▶ **Assigned task**
Output must consist only of the lines of the material below from the one with "this 1500×1001 image." through the one with "this 2048×1365 image.", each reproduced exactly; no pictures belong in it.

▶ **Given data**
•••••

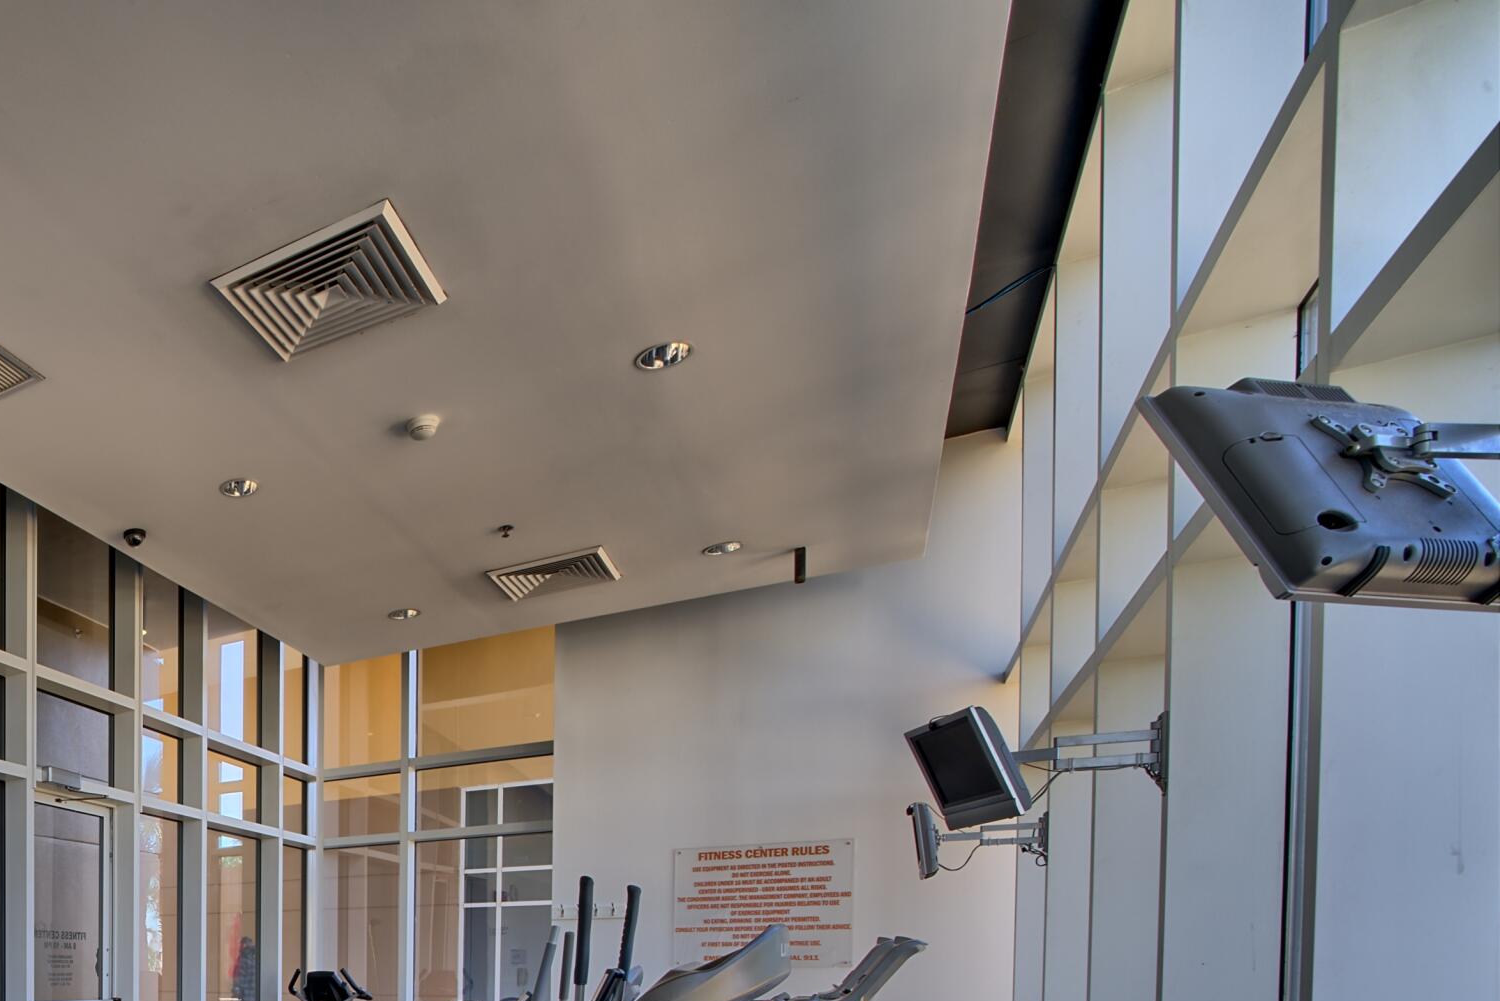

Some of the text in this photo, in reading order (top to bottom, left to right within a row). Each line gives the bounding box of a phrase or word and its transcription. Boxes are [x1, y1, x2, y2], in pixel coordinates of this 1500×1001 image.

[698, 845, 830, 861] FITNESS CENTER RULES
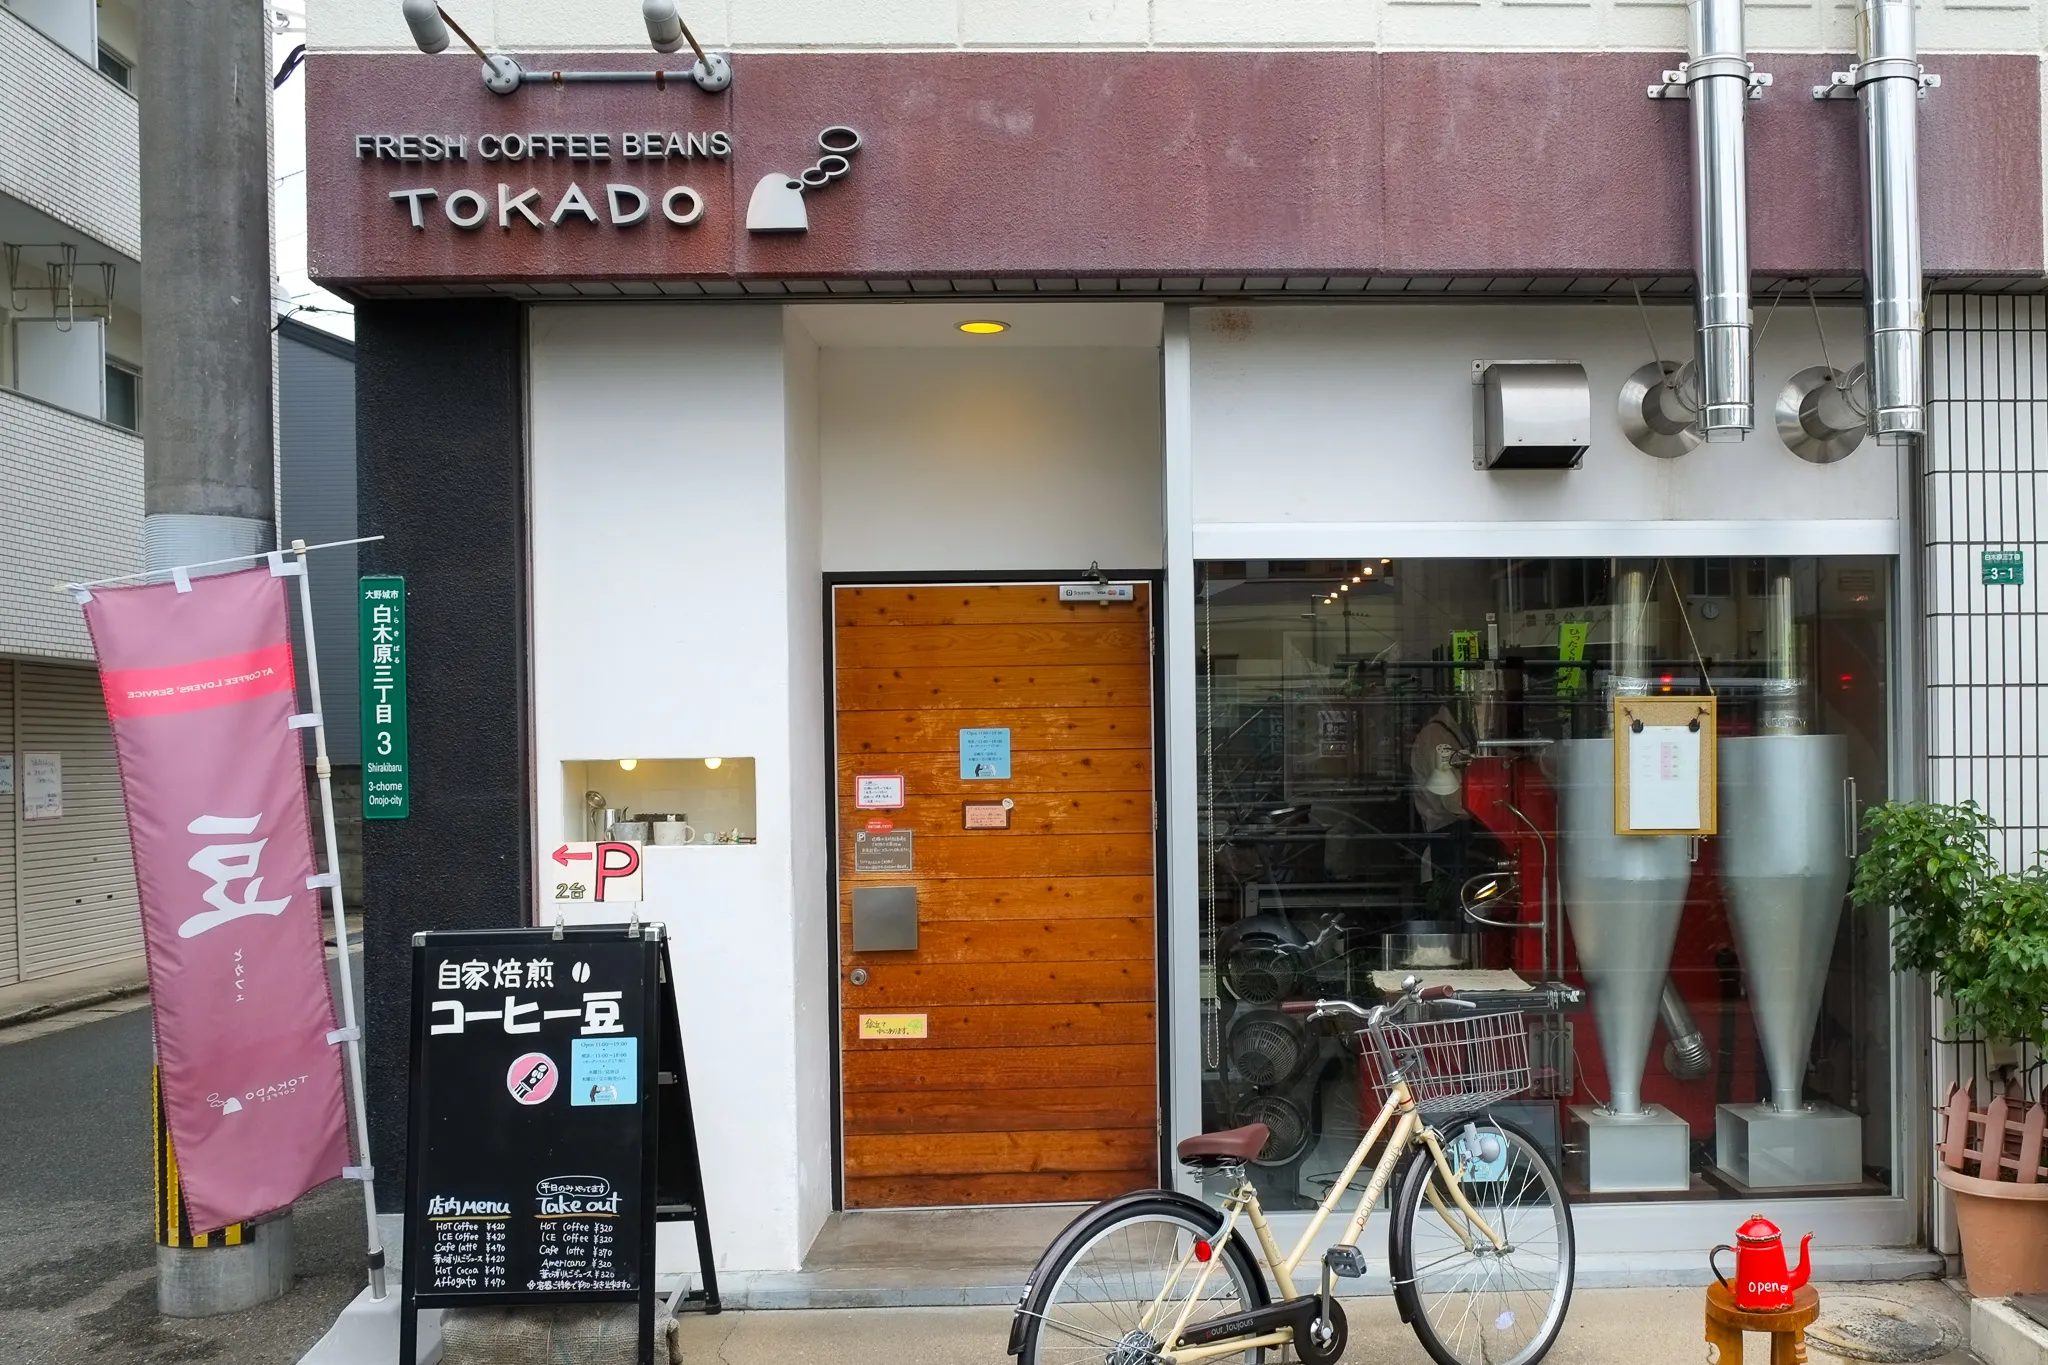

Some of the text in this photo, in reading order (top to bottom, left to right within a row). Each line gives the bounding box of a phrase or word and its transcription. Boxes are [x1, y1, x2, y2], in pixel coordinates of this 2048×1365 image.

•••••

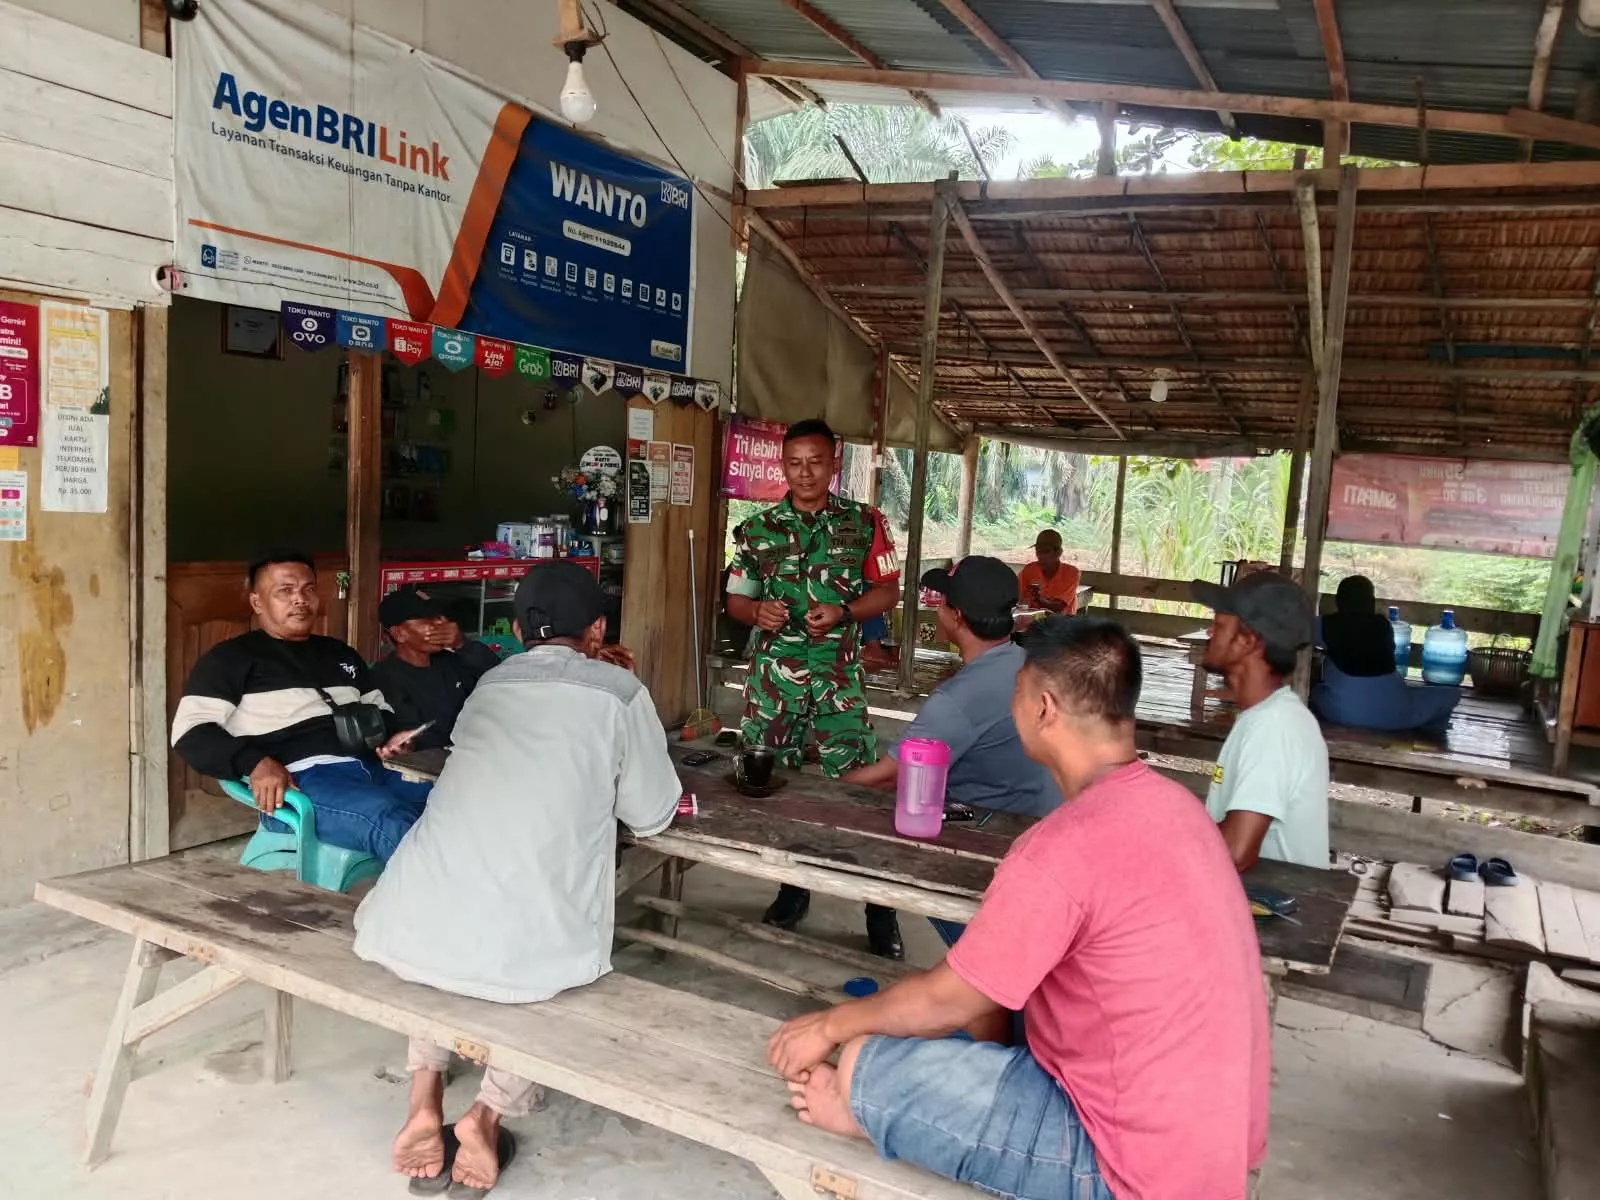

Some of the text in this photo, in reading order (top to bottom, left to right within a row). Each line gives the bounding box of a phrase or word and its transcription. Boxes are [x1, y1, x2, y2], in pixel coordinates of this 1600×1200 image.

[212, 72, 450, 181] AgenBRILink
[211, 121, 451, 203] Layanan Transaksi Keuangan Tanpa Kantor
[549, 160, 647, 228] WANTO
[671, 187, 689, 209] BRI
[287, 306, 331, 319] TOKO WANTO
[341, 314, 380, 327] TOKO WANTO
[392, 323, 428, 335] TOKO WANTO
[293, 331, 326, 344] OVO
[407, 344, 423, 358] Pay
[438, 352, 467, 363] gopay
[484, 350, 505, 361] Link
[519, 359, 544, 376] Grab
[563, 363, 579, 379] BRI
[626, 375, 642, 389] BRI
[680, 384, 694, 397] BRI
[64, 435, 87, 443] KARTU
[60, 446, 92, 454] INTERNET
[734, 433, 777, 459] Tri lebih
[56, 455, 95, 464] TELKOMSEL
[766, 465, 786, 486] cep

•••••

▶ **Response below**
Some of the text in this photo, in reading order (top to bottom, left to right within a row). Each line gives the bounding box of a phrase or word and its transcription. Boxes are [x1, y1, x2, y2], in pixel coordinates of this 1500×1001 image.

[698, 845, 830, 861] FITNESS CENTER RULES

Some of the text in this photo, in reading order (top to bottom, left to right within a row). Each line gives the bounding box of a phrase or word and its transcription. Boxes are [x1, y1, x2, y2], in pixel coordinates of this 2048×1365 image.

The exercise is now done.